Token Streaming (real‑time output)

using Microsoft.SemanticKernel.ChatCompletion;

var chat = kernel.GetRequiredService<IChatCompletionService>();

var stream = chat.GetStreamingChatMessageContentsAsync(
    new ChatHistory("You are a helpful assistant."),
    new ChatRequestSettings
    {
        Temperature = 0.4,
        MaxTokens = 500
    });

await foreach (var chunk in stream)
{
    Console.Write(chunk.Content);
}

6. Building Plugins/Tools (C# Methods callable by LLM)

Create a plugin class:

using Microsoft.SemanticKernel;

public sealed class TimePlugin
{
    [KernelFunction, Description("Get current time in ISO 8601")]
    public string Now() => DateTimeOffset.UtcNow.ToString("O");

    [KernelFunction, Description("Add minutes to current time")]
    public string AddMinutes([Description("Minutes to add")] int minutes)
        => DateTimeOffset.UtcNow.AddMinutes(minutes).ToString("O");
}
``

var time = new TimePlugin();
kernel.ImportPluginFromObject(time, "time");

var plannerPrompt = kernel.CreateFunctionFromPrompt("""
Given the user's need, call tools if helpful.
User asks: "What time is it now and in 90 minutes?"
""");

var output = await kernel.InvokeAsync(plannerPrompt);
Console.WriteLine(output);

The LLM can reference tools by name when guided via system prompts or planner capabilities. In more advanced scenarios, use function/tool calling interfaces for structured calls (see §8).

7. Memory & RAG (Retrieval Augmented Generation)
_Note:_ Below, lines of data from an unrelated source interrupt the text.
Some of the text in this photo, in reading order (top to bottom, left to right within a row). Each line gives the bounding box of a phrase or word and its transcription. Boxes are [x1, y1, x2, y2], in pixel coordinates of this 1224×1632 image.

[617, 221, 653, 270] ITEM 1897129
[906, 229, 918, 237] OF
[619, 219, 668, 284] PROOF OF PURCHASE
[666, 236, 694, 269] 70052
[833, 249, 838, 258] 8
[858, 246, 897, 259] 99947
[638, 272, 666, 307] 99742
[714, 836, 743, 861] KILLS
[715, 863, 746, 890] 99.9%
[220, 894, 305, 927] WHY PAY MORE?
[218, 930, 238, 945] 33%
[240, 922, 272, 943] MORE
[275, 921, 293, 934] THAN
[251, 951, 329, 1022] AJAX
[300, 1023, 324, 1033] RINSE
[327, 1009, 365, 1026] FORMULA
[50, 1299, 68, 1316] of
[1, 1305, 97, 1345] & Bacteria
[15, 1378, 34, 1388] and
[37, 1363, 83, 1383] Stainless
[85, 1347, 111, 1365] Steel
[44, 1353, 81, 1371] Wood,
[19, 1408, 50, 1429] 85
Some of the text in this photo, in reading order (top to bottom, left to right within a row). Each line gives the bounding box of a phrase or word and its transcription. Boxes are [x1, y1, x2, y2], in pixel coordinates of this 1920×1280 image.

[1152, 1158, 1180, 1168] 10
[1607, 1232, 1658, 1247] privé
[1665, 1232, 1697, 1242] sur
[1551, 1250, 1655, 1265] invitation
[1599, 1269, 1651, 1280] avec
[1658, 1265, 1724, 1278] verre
7.1 Embeddings + Vector Store

To implement RAG:

Split content into chunks
Embed each chunk
Store embeddings + metadata in a vector DB (Azure AI Search, Pinecone, Qdrant, Redis, etc.)
At query time: embed the question → similarity search → feed top chunks to LLM as grounding context.

Example: Simple Retrieval Flow (Pseudo/RAG-lite)
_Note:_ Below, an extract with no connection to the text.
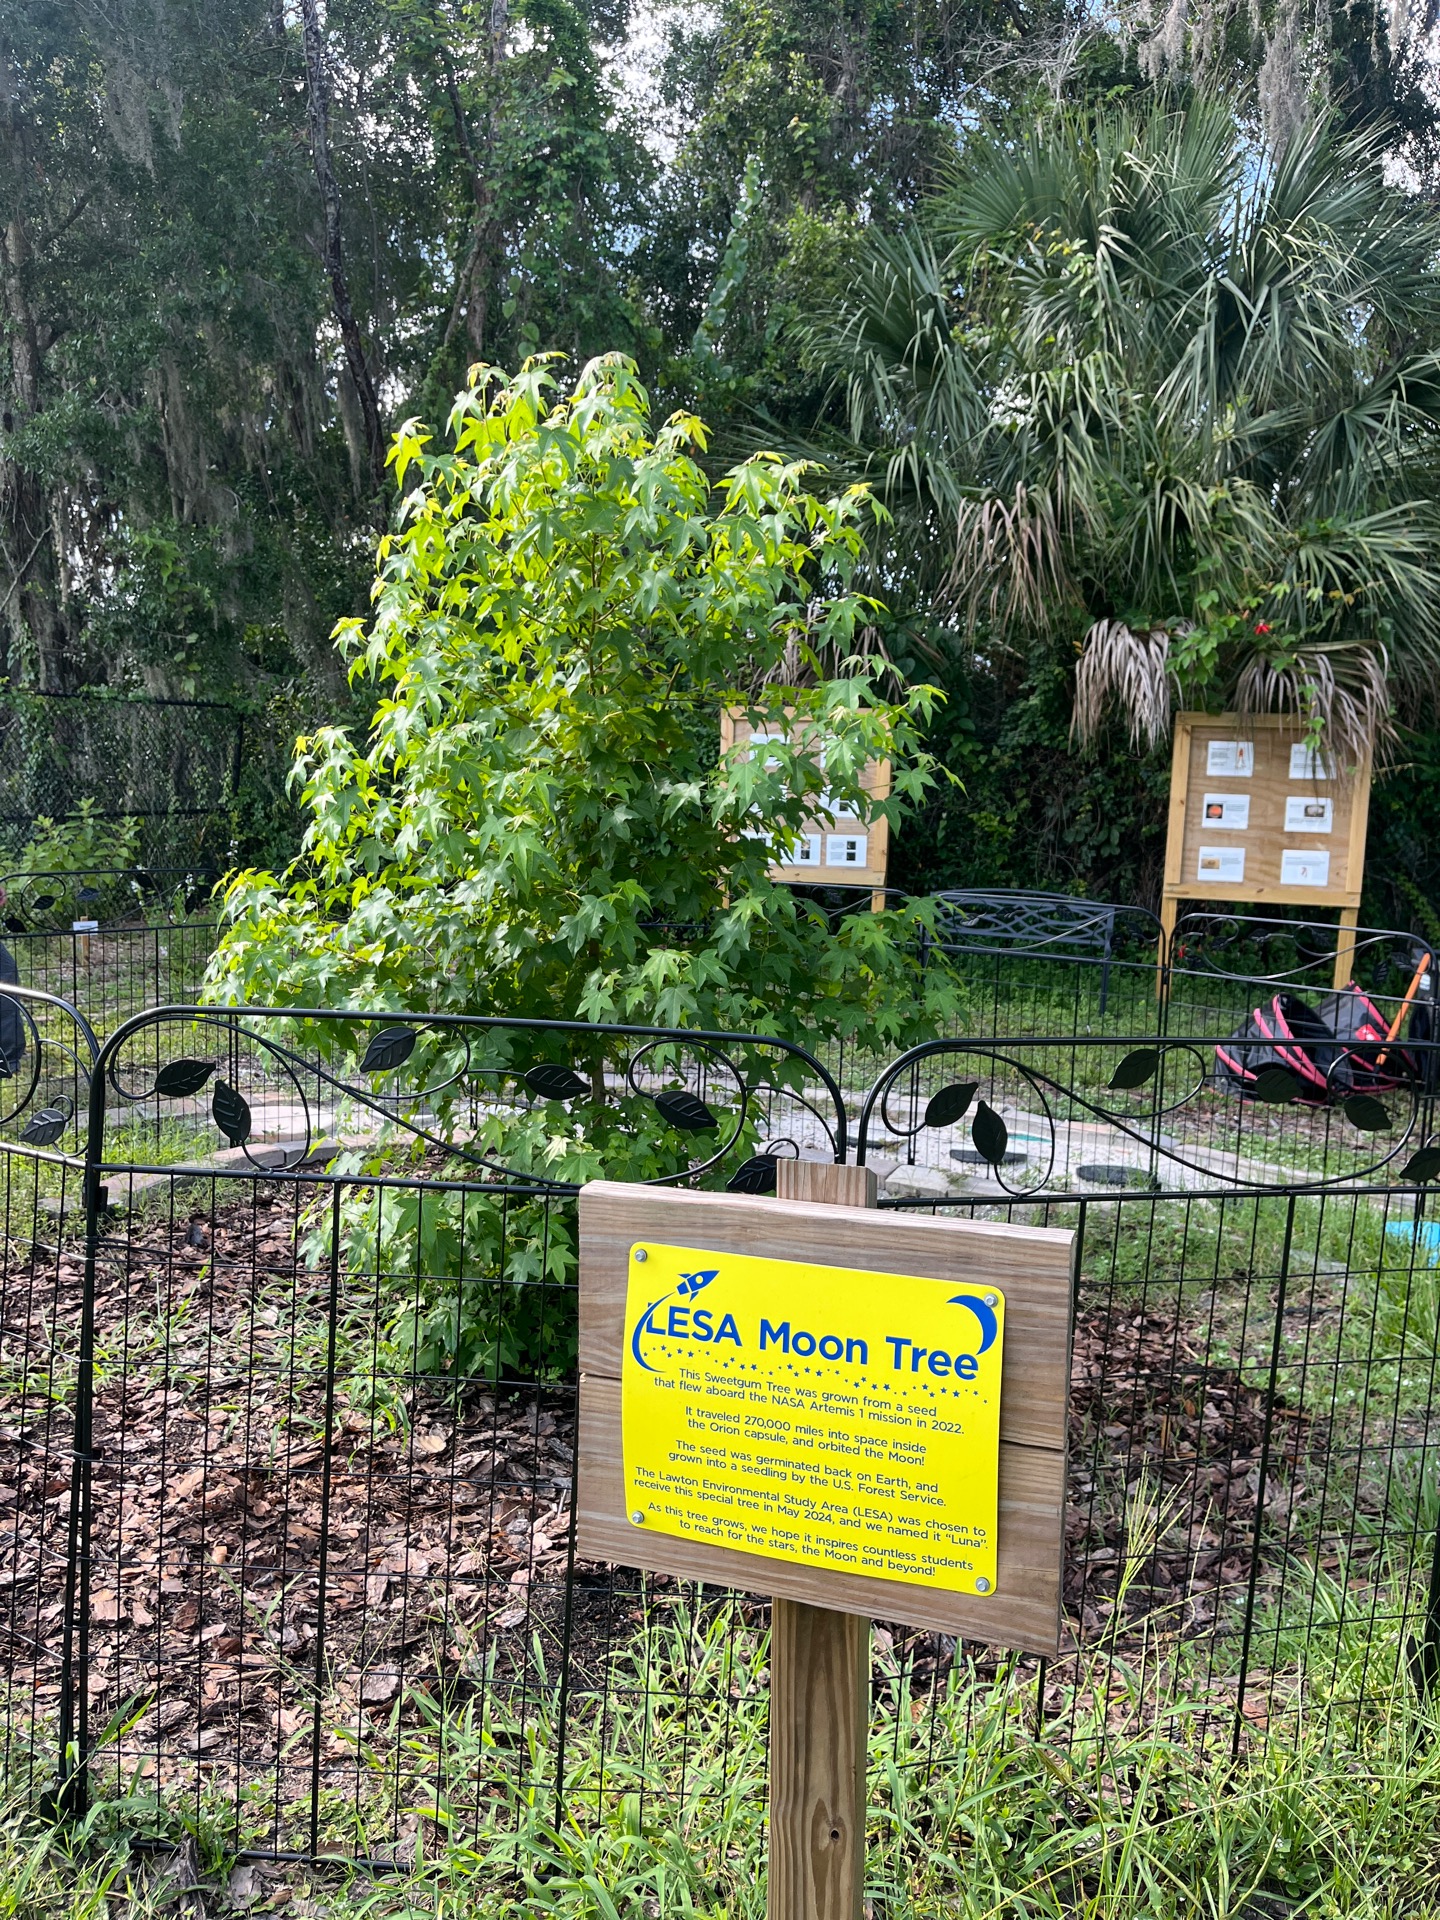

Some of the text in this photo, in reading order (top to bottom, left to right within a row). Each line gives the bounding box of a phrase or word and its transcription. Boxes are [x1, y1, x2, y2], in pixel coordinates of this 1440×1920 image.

var embedService = kernel.GetRequiredService<ITextEmbeddingGenerationService>();

// 1) Prepare document chunks
var docs = new[]
{
    ("doc1#p1", "Semantic Kernel enables plugins and planning."),
    ("doc1#p2", "RAG combines retrieval with LLM generation for grounded answers.")
};

// 2) Create embeddings and store (in-memory or your vector DB)
var store = new List<(string Id, float[] Embedding, string Text)>();

foreach (var (id, text) in docs)
{
    var emb = await embedService.GenerateEmbeddingAsync(text);
    store.Add((id, emb.ToArray(), text));
}

// 3) Query
var question = "How does SK support building agents with tools and RAG?";
var qEmb = await embedService.GenerateEmbeddingAsync(question);

// 4) Simple cosine similarity (example only)
float CosSim(float[] a, float[] b) {
    var dot = 0f; var na = 0f; var nb = 0f;
    for (int i = 0; i < a.Length; i++){ dot += a[i]*b[i]; na += a[i]*a[i]; nb += b[i]*b[i]; }
    return dot / (float)(Math.Sqrt(na)*Math.Sqrt(nb));
}

var top = store
    .Select(s => new { s.Id, s.Text, Score = CosSim(qEmb.ToArray(), s.Embedding) })
    .OrderByDescending(x => x.Score)
    .Take(3)
    .ToList();

// 5) Grounded prompt
var ragFn = kernel.CreateFunctionFromPrompt("""
Answer the question using ONLY this context. If unsure, say "I don't know".
Context:
{{#each ctx}}- {{this}}
{{/each}}

Question: {{$q}}
""");

var args = new KernelArguments { ["q"] = question };
args["ctx"] = string.Join("\n", top.Select(t => t.Text));

var ragAnswer = await kernel.InvokeAsync(ragFn, args);
Console.WriteLine(ragAnswer);

7.2 Azure AI Search Connector (Typical)

Create an index with vector fields (contentVector) and metadata
Embed documents (offline ingestion)
Query vectors at runtime and pass results as context to LLM
Use chunking and a context window budget (e.g., 6–12 short chunks)

Recommendations

Chunk size ~500–1,200 tokens with overlap (50–150)
Maintain source links and page numbers
Apply citations in the final answer
Cache frequent queries (app layer)

8. Agentic Patterns: Planner & Tool‑Calling

8.1 Planner (High‑level)

Planner lets the LLM break tasks into steps and choose tools.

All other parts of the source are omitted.